Back to School

It's fine. Everything is fine.

Last Monday, both of our kids started back to school. Daycare does a “camp” which seems to me to be largely…the same as daycare, but Lila moved up to the 3s class, which means a lot of changes. The major concern for us is that her teachers have a 10-1 ratio, making it even harder for her to get individualized attention. We were notified the week before school started that while her therapists are supposed to be coming back in person, they will be remaining virtual for at least a few weeks. We have put up with a lot of disappointment over the past 18 months but for some reason this absolutely crushed me. We have been pursuing private services, but many of them do not have hours that are feasible for working parents, and they do not provide community based services, or the ones that provide onsite services do not take insurance. Right now she is doing one day of private in-person speech with the hopes that they will be able to come to her eventually. But last Friday we went out there after rearranging our whole day and they didn’t have her on the schedule. So private speech isn’t going to be the answer either.

If you are not a parent of young children right now, you should know: parents of young children are not okay. We are not. Our kids have sacrificed over a year of their lives, done everything we have asked of them, and their social skills, emotional development, and academic progress have suffered for it. Since the beginning, parents of young children have borne so much of the weight of slowing community spread, and we got nothing for it. We are exhausted and we were barely holding it together before and now we have a year ahead of us that is just full of uncertainty and fear. We know that cases are increasing in kids, we don’t know how much more dangerous the Delta variant is for our kids, we don’t know when vaccines will be available for the under 12 set, and a lot of us are expected to return to work full-time in our offices sometime this fall. Nobody quite seems to have thought any of this through. Things have reopened enough that kids are getting exposed through not-school, so what happens when a kid needs to quarantine and miss 10 days of school? Schools are sending home entire classes to quarantine without a student testing positive yet. Parent are refusing to have their kids tested. We are 18 months into this and it turns out that NOBODY imagined a scenario in which unvaccinated children were going back into school buildings under otherwise normal circumstances. Baltimore City doesn’t start testing kids for another week but we are hearing reports of positive cases from various schools.

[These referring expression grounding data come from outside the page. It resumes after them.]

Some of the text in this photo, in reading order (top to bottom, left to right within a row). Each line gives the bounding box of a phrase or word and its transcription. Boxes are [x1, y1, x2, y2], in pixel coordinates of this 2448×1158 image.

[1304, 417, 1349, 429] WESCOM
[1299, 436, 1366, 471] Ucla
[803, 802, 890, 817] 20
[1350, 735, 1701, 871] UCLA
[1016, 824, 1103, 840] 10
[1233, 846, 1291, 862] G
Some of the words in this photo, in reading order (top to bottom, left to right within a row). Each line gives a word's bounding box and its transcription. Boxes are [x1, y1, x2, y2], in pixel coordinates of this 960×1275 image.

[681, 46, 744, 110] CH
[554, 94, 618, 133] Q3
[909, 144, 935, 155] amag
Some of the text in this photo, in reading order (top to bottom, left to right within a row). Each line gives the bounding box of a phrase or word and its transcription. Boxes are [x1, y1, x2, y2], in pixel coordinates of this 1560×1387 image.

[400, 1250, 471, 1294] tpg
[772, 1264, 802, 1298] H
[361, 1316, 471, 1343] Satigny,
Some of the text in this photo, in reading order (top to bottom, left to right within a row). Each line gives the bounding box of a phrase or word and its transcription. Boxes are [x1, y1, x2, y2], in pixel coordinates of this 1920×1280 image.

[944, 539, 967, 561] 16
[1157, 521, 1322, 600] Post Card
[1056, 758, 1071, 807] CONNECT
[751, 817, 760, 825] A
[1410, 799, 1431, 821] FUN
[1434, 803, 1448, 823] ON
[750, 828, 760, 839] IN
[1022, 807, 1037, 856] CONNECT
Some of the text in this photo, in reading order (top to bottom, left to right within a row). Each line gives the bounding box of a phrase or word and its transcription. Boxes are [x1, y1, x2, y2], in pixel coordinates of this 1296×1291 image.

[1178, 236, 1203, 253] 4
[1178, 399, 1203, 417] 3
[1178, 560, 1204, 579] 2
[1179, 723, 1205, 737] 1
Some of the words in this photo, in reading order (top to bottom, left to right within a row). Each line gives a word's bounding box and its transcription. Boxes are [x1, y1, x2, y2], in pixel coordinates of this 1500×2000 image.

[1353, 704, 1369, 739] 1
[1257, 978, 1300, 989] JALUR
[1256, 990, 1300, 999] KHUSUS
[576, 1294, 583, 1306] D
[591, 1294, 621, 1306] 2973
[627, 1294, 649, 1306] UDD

My office has announced that our plan to return to in-person work has been postponed until at least the end of October, so for the time being, I’m continuing to work from home, which is pretty much the only break we have gotten. Mark is back in the office full-time unless we have an appointment he needs to be home for. Aftercare at school is open and functioning for Molly, so we are just trucking along waiting for positive cases to start showing up and sending us back into quarantine and square one.

Last week, we started sending Lila to daycare in a mask. Honestly, this was a decision borne out of me getting tired of her being sick all the time since other people stopped masking. Baltimore City dropped its mask mandate in July and then reinstated it in August, so this isn’t a huge departure from the norm for us. We always knew that elementary school kids would need to wear masks upon return to school.

Towards the end of last week we were notified that there is now a mask mandate for kids 2 and up, so we are hoping that peer pressure will help even more with mask wearing, although she seemed to be doing pretty well with it. The biggest problem for us is finding masks that are small enough for her face. I ordered the Stride Rite masks for ages 2-4, which are soft and fit well; I got her a few more of our favorite kinds of masks, made by a local Baltimore mom friend (BaltiMasks); and if she is wearing a ponytail I’m able to secure the Primary masks over the back of her head well enough.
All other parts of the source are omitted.